Watari takes up the daily task of shuttling Kafuku back and forth between the venue and his accommodations, with the occasional excursion to someone’s home for dinner or a hotel bar for uneasy conversation. Over time, a powerful mutual understanding takes shape between driver and passenger. They share sorrowful truths with one another, probe memories through meandering conversations, and find something like quiet acceptance, if not peace, on the road.

Reika Kirishima and Hidetoshi Nishijima in Ryusuke Hamaguchi’s Drive My Car (2021)

In spite of their drastically different protagonists, Hamaguchi’s four recent films dance around common themes or tropes: the magic of performance, whether for public or private audiences; human fickleness and determination; the intractability of fate; and solace in communion. Hollywood’s relationship with Japanese cinema has been hot and cold over the decades: Drive My Car’s nomination follows on the heels of Hirokazu Koreeda’s Shoplifters (2018) and Yojiro Takita’s Departures (2008) in the Best International Feature Film category at the Oscars.

Hamaguchi is only the third Japanese director to be nominated for Best Director, after Akira Kurosawa for Ran (1985) and Hiroshi Teshigahara for Woman in the Dunes (1965). Among the films named above, only Takita managed to clinch the award in 2008 for his poignant portrayal of Japan’s undertakers, a profession subject to stigma and ostracization despite the social and spiritual necessity of their labor.

Drive My Car breaks new ground as the first Japanese-language film to compete in the Best Picture category, similar to Bong Joon-ho’s Parasite (2019) for Korean-language film just a few years ago. Bong’s Best Picture win was a watershed moment, heralding a new era of popular attention on East Asian cinematic narratives — right before the world went into lockdown in the early days of the Covid-19 pandemic.

Last year, the Netflix-backed South Korean drama Squid Game also inspired discourse on a global scale, echoing in a fashion Bong’s critiques of the cruelty of capitalism at large. The on-screen violence in these Korean narratives resonates somewhat, albeit obtusely, with the oeuvre of Chinese filmmaker Jia Zhangke.
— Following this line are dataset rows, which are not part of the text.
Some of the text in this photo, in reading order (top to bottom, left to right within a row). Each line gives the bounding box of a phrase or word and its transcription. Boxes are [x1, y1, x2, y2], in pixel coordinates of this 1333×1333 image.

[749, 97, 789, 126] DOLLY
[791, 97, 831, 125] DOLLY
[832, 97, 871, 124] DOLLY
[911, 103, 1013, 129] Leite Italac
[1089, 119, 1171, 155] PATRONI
His inflections of the sordid and the absurd — think A Touch of Sin (2013) or Ash is Purest White (2018) — are most always embedded in the layered idiosyncrasies of a Chinese context, however.
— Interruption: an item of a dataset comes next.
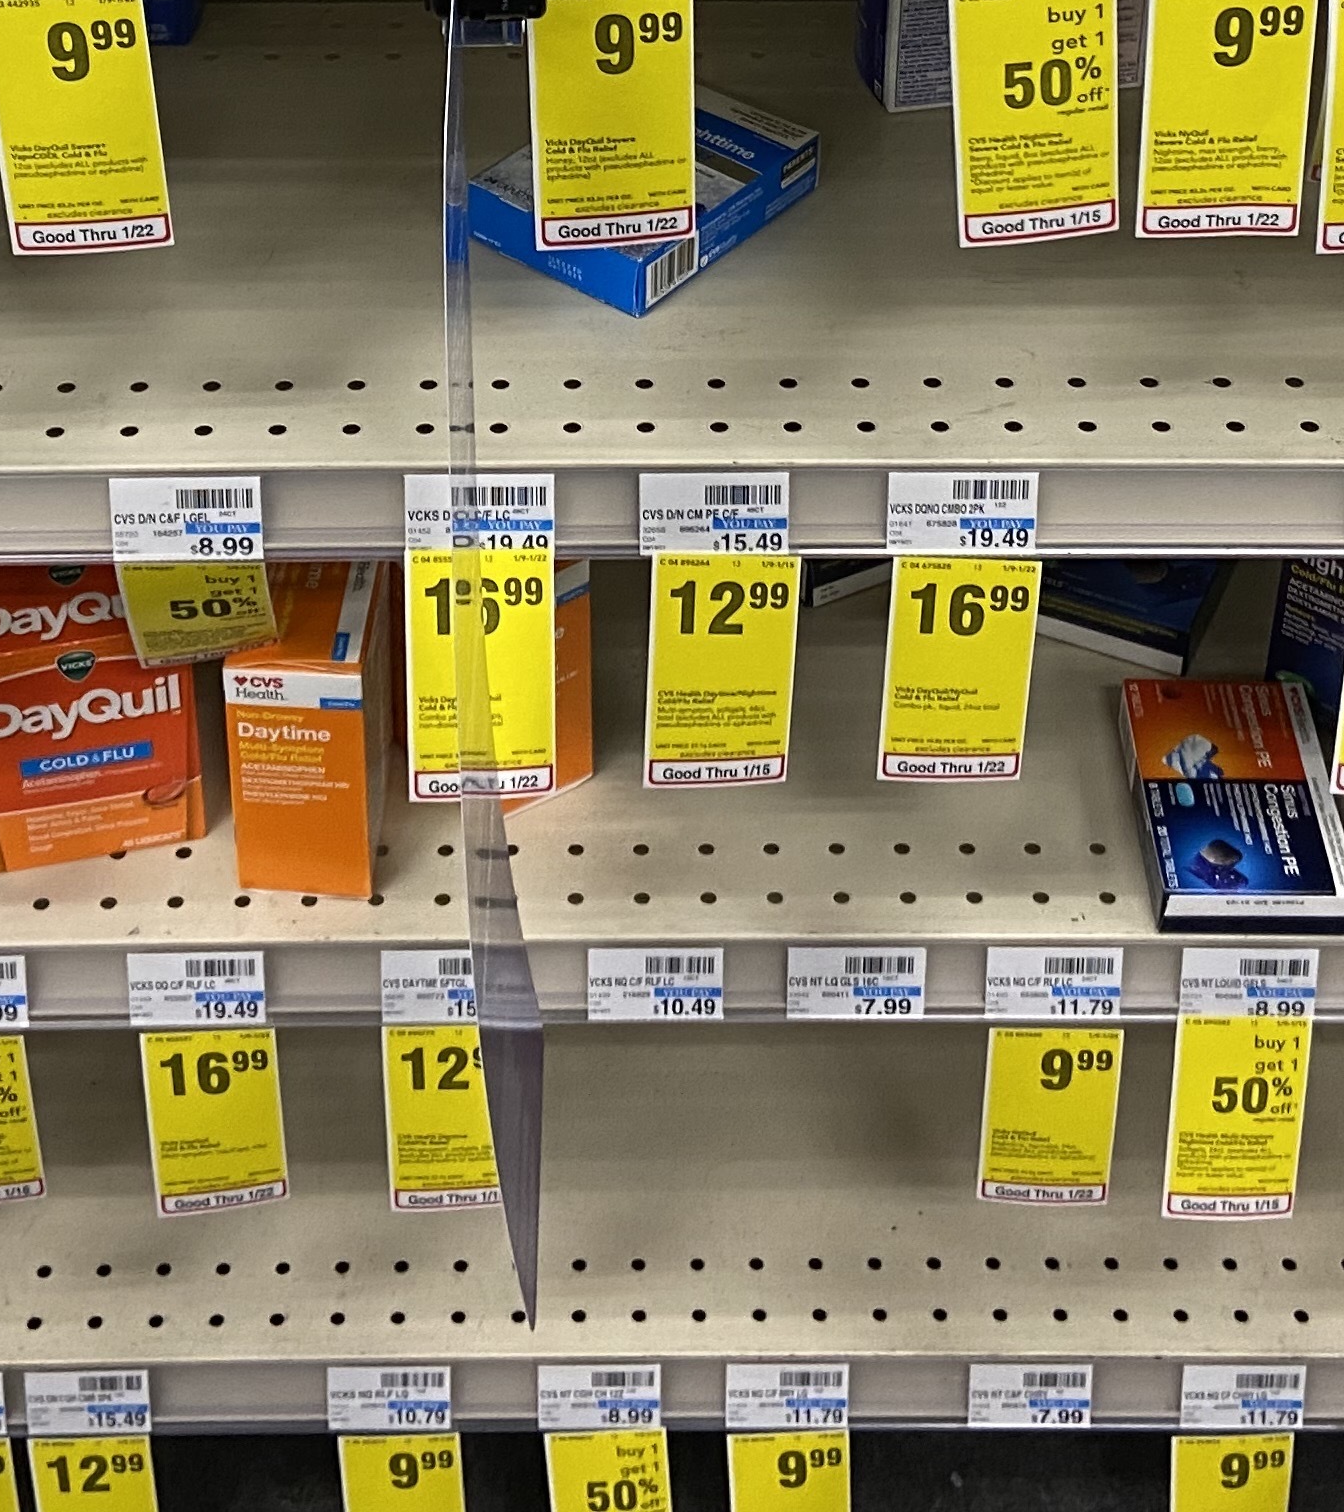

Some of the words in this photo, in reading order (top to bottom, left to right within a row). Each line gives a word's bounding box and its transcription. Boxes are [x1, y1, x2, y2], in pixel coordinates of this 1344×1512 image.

Sonia Yuan and Park Yurim in Ryusuke Hamaguchi’s Drive My Car (2021)

Meanwhile, Japan’s directors have trained their eye less on systemic injustice than individual misfortune. Hamaguchi and Koreeda eschew hyperbole and hone in on the prosaic, drawing out naturalistic performances from their actors.

Hamaguchi, in particular, excels at conveying a character’s interiority through a glance or a movement. Conversations in his films are, by turns, effusive and deadening, charged with wonder or laden with anguish. As methodical excavations of complex interpersonal dramas, Hamaguchi’s films are perhaps perfectly suited for this cultural moment, as we tentatively emerge from isolation and remember how to live amongst each other again. He reminds the audience to take it slow, embrace stillness. Like two people on an unhurried drive who let silence bloom, heavy with potential.